# Adventures In Knife Making



## TheAnt (Jun 7, 2011)

For the past several weeks (or has it actually been months) I have jumped headlong into the art of knife making. I will detail what I learned and what I did in word and pictures below. I hope this reaches other folks interested in doing just what I did -- hopefully pulling everything together into one very basic tutorial.

I scoured the internet and got information from folks who no doubt know much more than I do but I had a hard time finding it all in one place. Lets start at the beginning:

I had one heck of a time locating steel at a decent price. Of course you can make knives out of all kinds of steel but I wanted something that would be fairly easy to work with and fairly easy to heat treat but also end up with a good knife. I also didnt want to spend much but I didnt have much in the way of scrap metal laying around the house. I started out buying a piece of cheap steel at the local Home Depot. I realized this was not going to make a good knife but I learned a lot about shaping metal so it was worth the effort.

Later I finally settled on buying some O-1 tool steel from OnlineMetals.com. I got a 3' x 3" x 3/16" piece of precision ground tool steel.

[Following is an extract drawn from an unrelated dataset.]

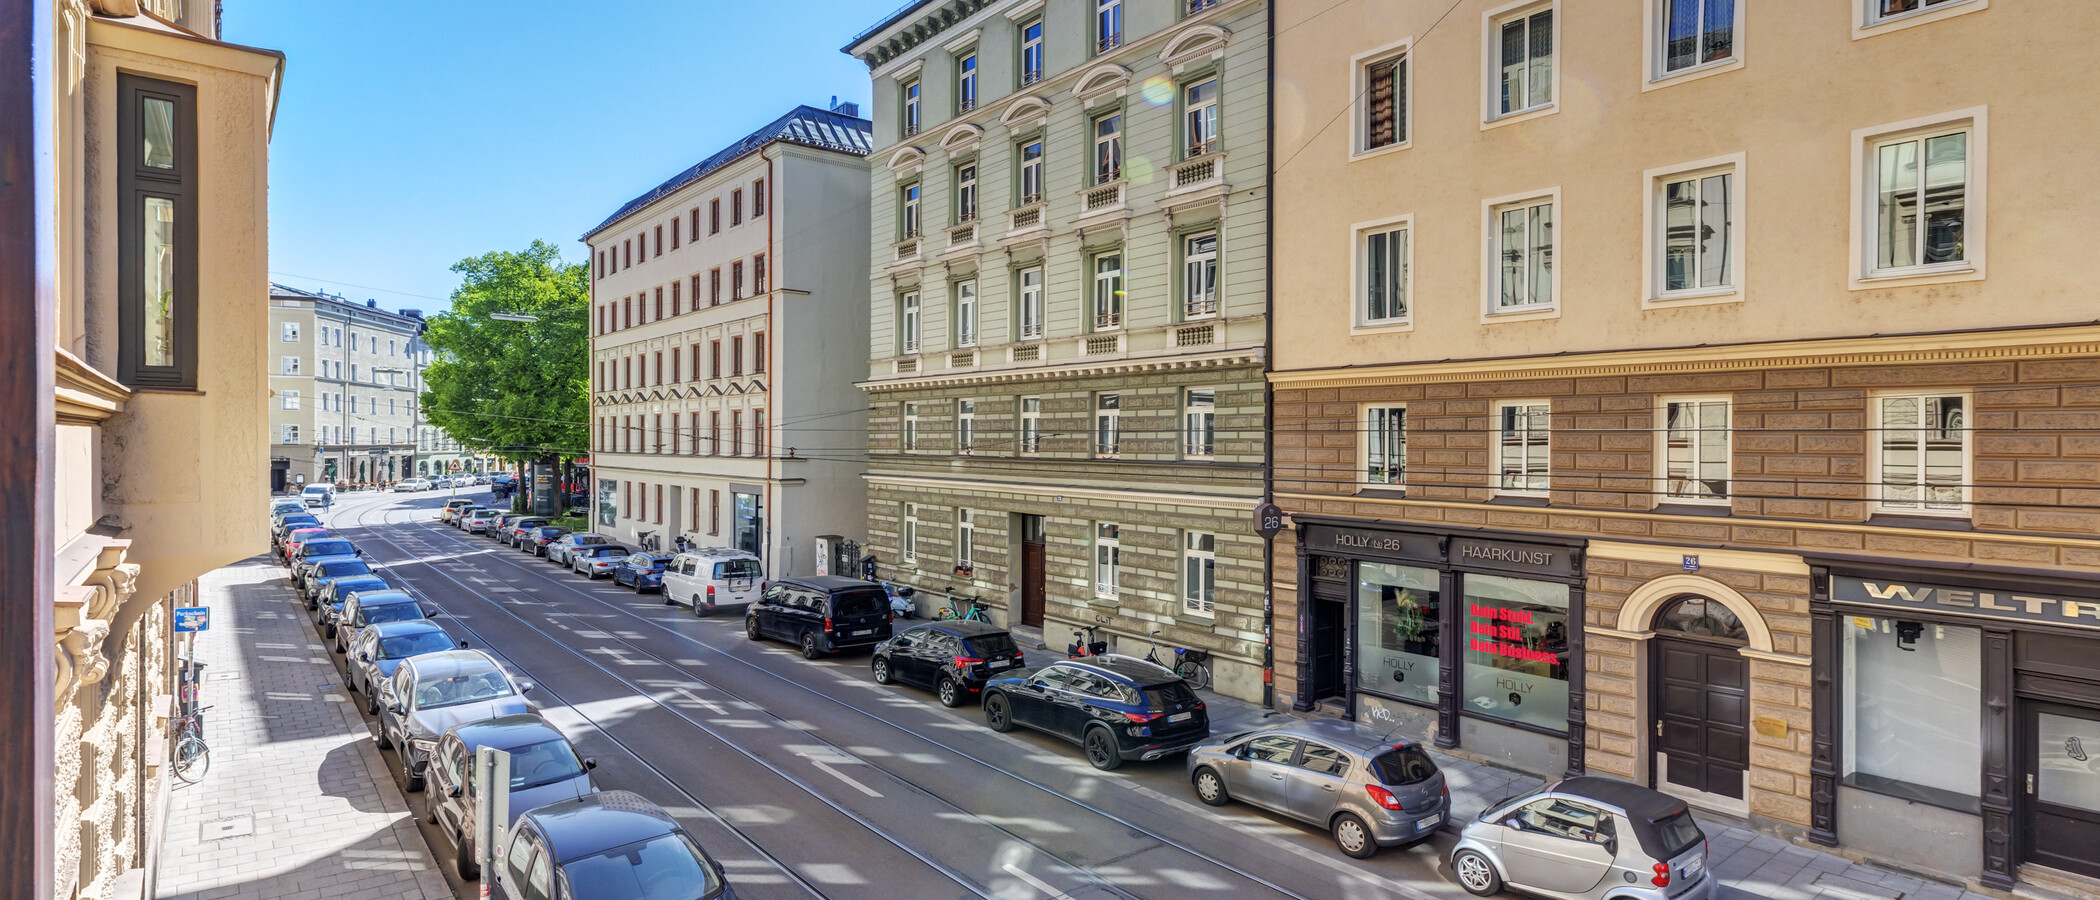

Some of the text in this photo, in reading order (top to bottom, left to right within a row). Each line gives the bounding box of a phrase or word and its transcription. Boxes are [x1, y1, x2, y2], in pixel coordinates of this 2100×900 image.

I traced onto the steel the shape of the knife from a pattern which I had drawn onto a piece of cereal box beforehand as a mock-up to decide what shape I wanted:

















Then I cut it out with a jigsaw. I went through several blades but I took it slow and tried to let the jigsaw do the work. A 1/8" thick piece of steel would have been easier to cut but the next knife I do will probably get cut with a borrowed plasma cutter which should be MUCH easier. As you can see it was a rough cut but thats OK because I shaped it later. Be patient on this step:









This next photo shows the knife (on the bottom) after I shaped it using an 8" bench grinder. I then took a file and did a flat grind for the edge. I figured that would be easier to do than a hollow grind on my first knife since I could do it slow and steady with the file. I wore blisters in my hand but it turned out really nice. Also in this picture is the knife I started with the Home Depot steel (on the top) as practice -- as you can see I refined the shape a little:









Here is another shot of the knife I cut from the good steel. It is shaped (by bench grinder) flat ground (by file):









Next I tried to sand off most of the burrs and stuff with an 5" orbital sander. This worked pretty well but left lots of deeper scratches. Since the highest grit sandpaper I could find was 220 I tried buffing it out with a buffing wheel. It didnt ever get all the scratches out. Next time I would like to try a belt sander with much higher grits. That should make buffing easier and give me a much nicer finish ultimately.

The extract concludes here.